Problem to solve -> Repeat each entry below without omitting a single word.

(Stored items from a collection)
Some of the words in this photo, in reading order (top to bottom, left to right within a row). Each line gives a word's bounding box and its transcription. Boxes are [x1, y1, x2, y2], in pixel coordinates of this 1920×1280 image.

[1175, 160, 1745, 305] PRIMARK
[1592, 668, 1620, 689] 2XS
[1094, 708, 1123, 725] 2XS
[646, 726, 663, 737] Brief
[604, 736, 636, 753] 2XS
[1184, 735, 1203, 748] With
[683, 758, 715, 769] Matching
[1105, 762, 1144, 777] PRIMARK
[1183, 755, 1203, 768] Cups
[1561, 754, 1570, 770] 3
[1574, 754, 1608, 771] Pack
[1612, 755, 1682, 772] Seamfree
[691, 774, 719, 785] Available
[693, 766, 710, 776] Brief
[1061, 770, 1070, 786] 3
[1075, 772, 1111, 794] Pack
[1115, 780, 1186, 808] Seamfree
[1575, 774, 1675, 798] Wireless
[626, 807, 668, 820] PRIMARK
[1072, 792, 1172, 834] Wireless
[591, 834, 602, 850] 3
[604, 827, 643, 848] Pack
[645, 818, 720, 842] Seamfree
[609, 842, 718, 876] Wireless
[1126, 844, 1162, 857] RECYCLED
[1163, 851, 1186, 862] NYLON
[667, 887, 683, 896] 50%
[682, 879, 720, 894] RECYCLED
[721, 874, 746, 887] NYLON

Answer to this problem ->
Some of the words in this photo, in reading order (top to bottom, left to right within a row). Each line gives a word's bounding box and its transcription. Boxes are [x1, y1, x2, y2], in pixel coordinates of this 1920×1280 image.

[1175, 160, 1745, 305] PRIMARK
[1592, 668, 1620, 689] 2XS
[1094, 708, 1123, 725] 2XS
[646, 726, 663, 737] Brief
[604, 736, 636, 753] 2XS
[1184, 735, 1203, 748] With
[683, 758, 715, 769] Matching
[1105, 762, 1144, 777] PRIMARK
[1183, 755, 1203, 768] Cups
[1561, 754, 1570, 770] 3
[1574, 754, 1608, 771] Pack
[1612, 755, 1682, 772] Seamfree
[691, 774, 719, 785] Available
[693, 766, 710, 776] Brief
[1061, 770, 1070, 786] 3
[1075, 772, 1111, 794] Pack
[1115, 780, 1186, 808] Seamfree
[1575, 774, 1675, 798] Wireless
[626, 807, 668, 820] PRIMARK
[1072, 792, 1172, 834] Wireless
[591, 834, 602, 850] 3
[604, 827, 643, 848] Pack
[645, 818, 720, 842] Seamfree
[609, 842, 718, 876] Wireless
[1126, 844, 1162, 857] RECYCLED
[1163, 851, 1186, 862] NYLON
[667, 887, 683, 896] 50%
[682, 879, 720, 894] RECYCLED
[721, 874, 746, 887] NYLON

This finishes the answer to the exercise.